Pasting Properties of Composite of Cassava and Wheat Flours

Abstract

Classification of cassava and wheat using only amylose content is not sufficient enough to predict starch viscosity for end product recommendation, hence this study aimed at characterizing and categorizing the pasting profile of composite flours from cassava-citrus and wheat-watermelon using Rapid Visco Analyzer (RVA) (used in confectionary products), dried cassava, citrus rind, wheat grain and watermelon rind were processed into flour by grinding.

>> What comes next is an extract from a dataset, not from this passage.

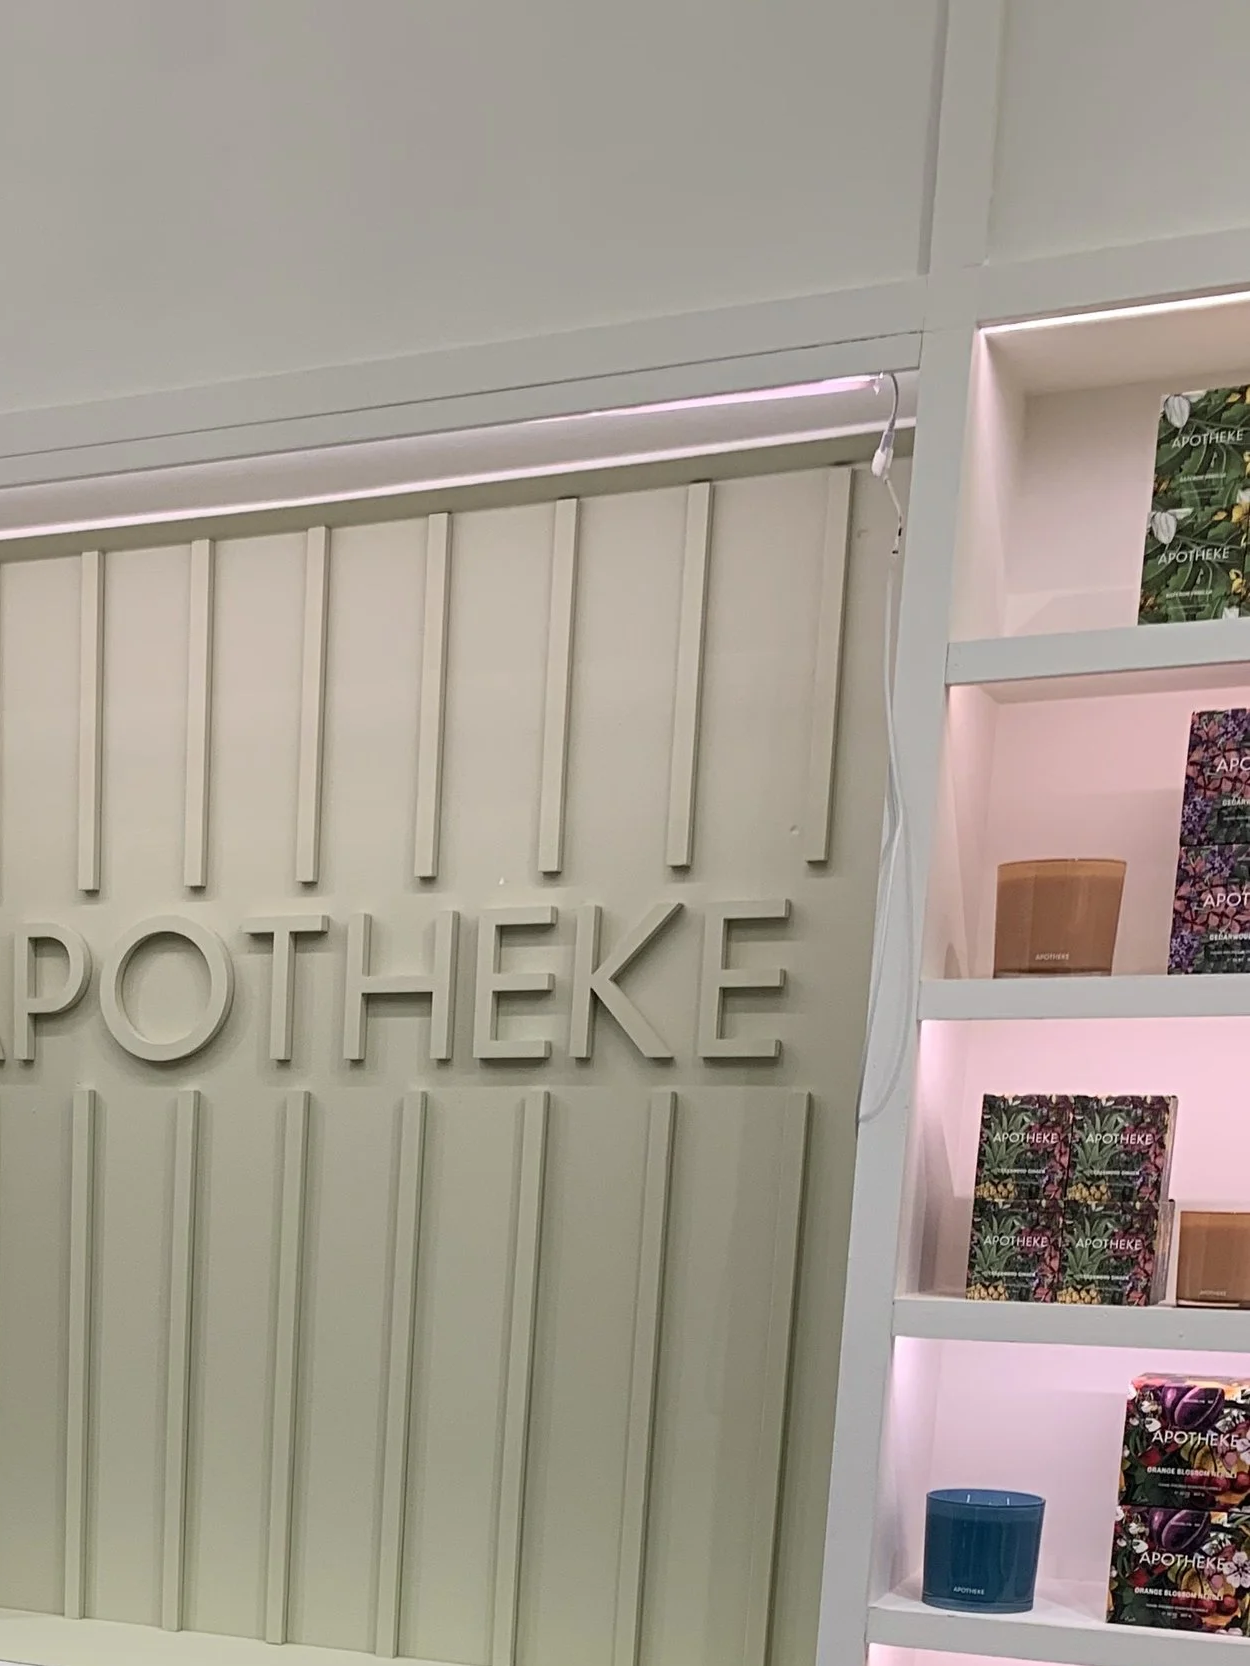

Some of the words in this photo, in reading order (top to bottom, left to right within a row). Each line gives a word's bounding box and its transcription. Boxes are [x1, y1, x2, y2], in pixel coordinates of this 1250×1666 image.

Cassava-citrus and wheat-watermelon flours were blended in the ratio of 100:0, 25:75, 50:50 and 75:25 and labeled as AB1, AB2, AB3, AB4 and BC1, BC2, BC3, BC4 respectively. The data obtained from the pasting properties of composite cassava-citrus and wheat-watermelon flours are as follows: range of peak viscosity (249.6-446.0) and (97.1-116.3) RVU, trough value (158.5-251.5) and (59.5- 70.3) RVU, breakdown viscosity (91.1-184.1) and (37.6-46.0) RVU, final viscosity (222.3-509.3) and (184.4-214.2) RVU, setback viscosity (63.3-247.8) and (124.9-143.8) RVU, peak time (4.27-5.27) and (5.53- 5.67) min and pasting temperatures (72.45-73.40) and (90.40-91.25) oC. The pasting properties of wheat watermelon composite flours increased with increasing substitution of watermelon fibre while those of cassava citrus composite flours decreased with increasing substitution of citrus fibre until 50% replacement. Composite Cassava-citrus flour AB3 and wheat-watermelon flour BC1 respectively had the highest value for all the pasting properties evaluated. Hence, cassava-citrus flour AB3 with 50% citrus substitution and wheat-watermelon flour BC1 without any substitution could find applications in confectionery and pastry industries. Thus, the results also indicated that by incorporating citrus and watermelon fibre, it is possible to enhance the pasting properties of our local cassava and wheat flour. This will also serve as a way of converting wastes from citrus (citrus vesicles) and Watermelon rinds (Citrullus larnatus) into useful materials, thereby reducing environmental pollutions caused by these wastes.